By the time a participant gets to ages 50 and 60, his rate of equity
may be too high. Picking one TDF can’t be right for all participants; it
should vary according to the context of that person, overall.”
Balancing Cost and Personalization in Selecting Appropriate QDIAs. Morningstar
has plans in a variety of sizes, and, Bruns said, the plan sponsors
often find QDIA selection a struggle. “The choice has to be right for
the specific plan. When asked if we can help, we start with three
primary questions: Does the plan sponsor have something that’s different
than an average U.S. plan such as a company stock or a DB plan? Does
the plan sponsor value personalization? Is the plan sponsor looking for
participant advice?”
Morningstar has developed a process of
analysing demographic information to help make a decision on the right
QDIA, Bruns said. “What existed five years ago, in terms of pricing and
service, is in no way indicative of the current market.” He suggests
re-evaluating QDIA options every two years.

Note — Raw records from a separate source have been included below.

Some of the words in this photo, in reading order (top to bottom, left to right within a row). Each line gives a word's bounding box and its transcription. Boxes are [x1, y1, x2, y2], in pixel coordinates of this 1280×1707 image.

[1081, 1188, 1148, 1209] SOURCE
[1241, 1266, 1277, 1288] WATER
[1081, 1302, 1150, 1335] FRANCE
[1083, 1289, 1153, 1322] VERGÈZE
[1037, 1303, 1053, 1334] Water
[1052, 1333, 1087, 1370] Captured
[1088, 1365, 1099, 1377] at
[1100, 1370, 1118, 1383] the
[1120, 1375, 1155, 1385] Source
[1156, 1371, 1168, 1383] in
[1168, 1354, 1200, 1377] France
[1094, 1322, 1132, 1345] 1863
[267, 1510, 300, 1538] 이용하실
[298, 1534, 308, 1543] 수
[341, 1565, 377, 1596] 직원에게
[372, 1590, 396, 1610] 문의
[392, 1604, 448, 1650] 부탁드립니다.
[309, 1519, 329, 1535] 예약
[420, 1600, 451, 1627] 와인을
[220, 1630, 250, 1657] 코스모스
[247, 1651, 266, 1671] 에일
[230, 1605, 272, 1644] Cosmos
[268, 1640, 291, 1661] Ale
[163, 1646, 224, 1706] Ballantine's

Targeted Communications and Resources to Aid the Retirement Transition. Carrington
noted that, in order for plan sponsors to reach out to participants in
the most effective way, they need to look hard at the targeted
demographics. For instance, he said, “Currently, job tenures for younger
and older participants are about four or five years. With that said,
for new employees to be auto[matically] enrolled at 6% when, in their
previous job, their deferral had perhaps already increased to 10%, does
not make sense. Invite them to save as they were.” This is one example
of a targeted group, he said.
Another example would be those
turning 50, whom the sponsor could target to consider catch-up
contributions, Carrington said. That milestone birthday can become a
trigger point to remind them that they have the opportunity to save
more for retirement. “This kind of targeted message drives behavior. We
may think they are not engaged, but targeted messaging shows otherwise.
Do not generalize based on averages,” Carrington said.

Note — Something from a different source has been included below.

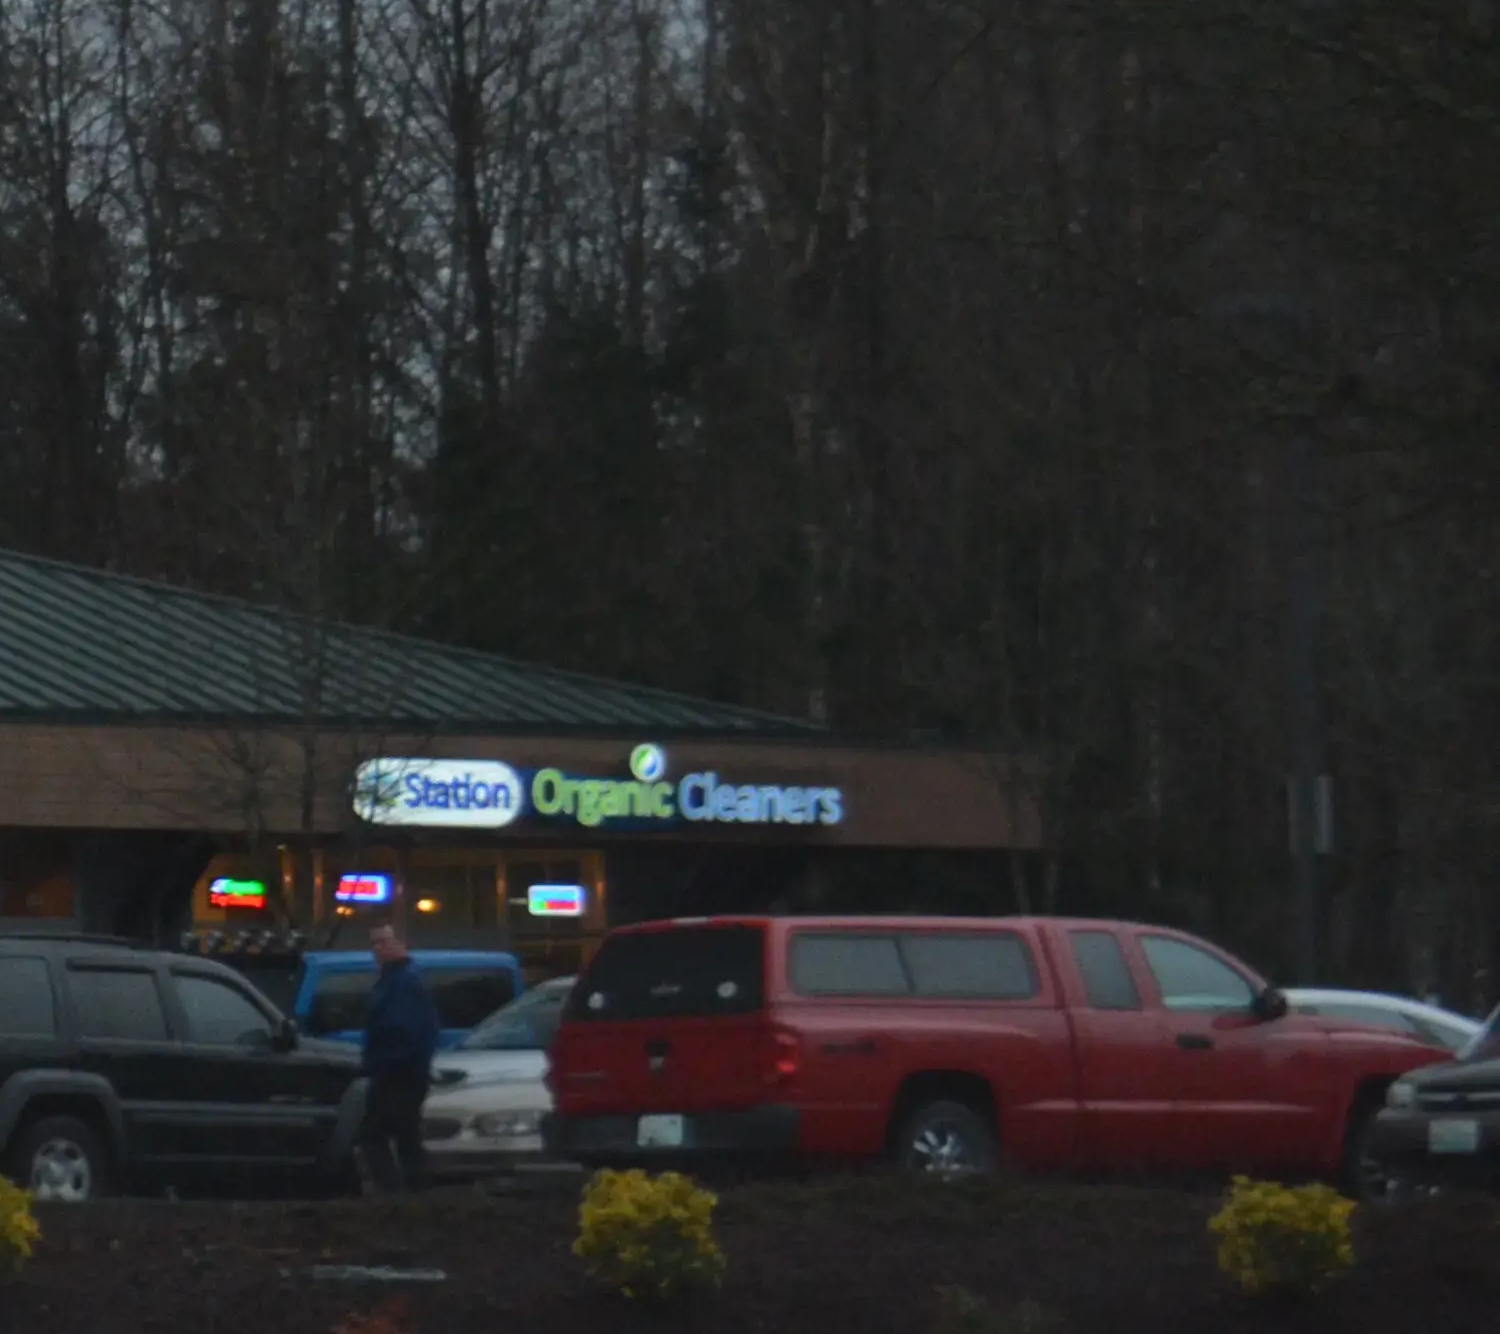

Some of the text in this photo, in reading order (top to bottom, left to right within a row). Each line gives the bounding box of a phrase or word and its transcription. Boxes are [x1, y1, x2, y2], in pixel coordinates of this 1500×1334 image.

[404, 767, 843, 826] Station Organic Cleaners

Using “Big Data” to Improve Plan Analysis. The
push to use data is coming from service providers, and it has already
transformed the industry, according to Bruns. “In the past, industry
professionals would struggle to get four data points on a participant.

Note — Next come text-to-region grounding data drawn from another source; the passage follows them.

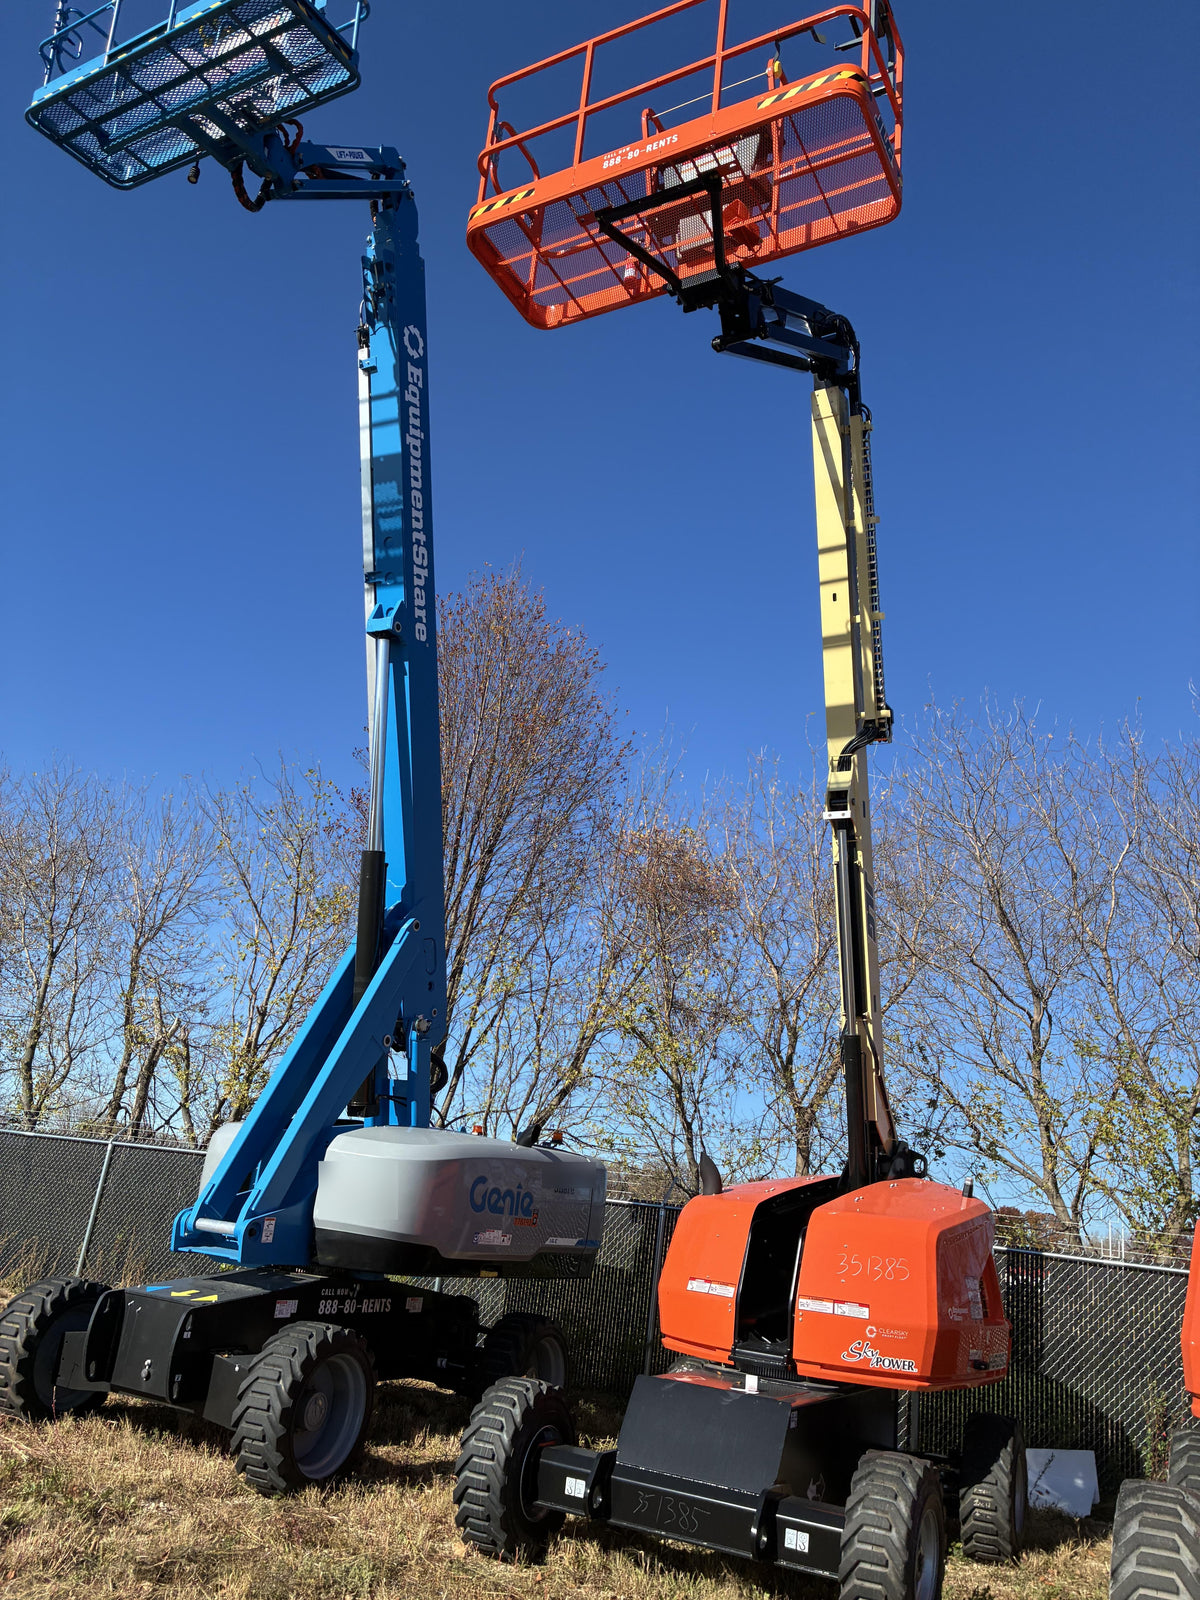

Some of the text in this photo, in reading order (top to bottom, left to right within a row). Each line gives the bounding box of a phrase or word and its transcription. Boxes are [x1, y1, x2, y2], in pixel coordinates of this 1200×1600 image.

[602, 134, 678, 169] 888-80-RENTS
[405, 361, 429, 642] EquipmentShare
[469, 1175, 534, 1217] Genie
[318, 1298, 391, 1315] 888-80-RENTS
[321, 1288, 335, 1296] CALL

If you fast-forward to today, we can get 12 points, and that allows us
to better understand how they are tracking and then how they move the
needle,” he said.
He believes that, in the future, providers will
begin to share data points about individuals. “Currently, this
information is not shared willingly,” he said. However, he thought it
was just a matter of time before, just as the health industry shares
data, retirement service providers will join the data revolution.
Working With Recordkeeping Partners. Morningstar,
which works with 27 recordkeepers, has seen them evolve and become
increasingly innovative, adding new products, dynamic QDIAs and mobile
applications, all of which bring value to participants, Bruns said.
“They are also adding widgets, which help engage younger participants.
Recordkeepers are really investing in their space, so we expect to see
many new features in the next couple of years.”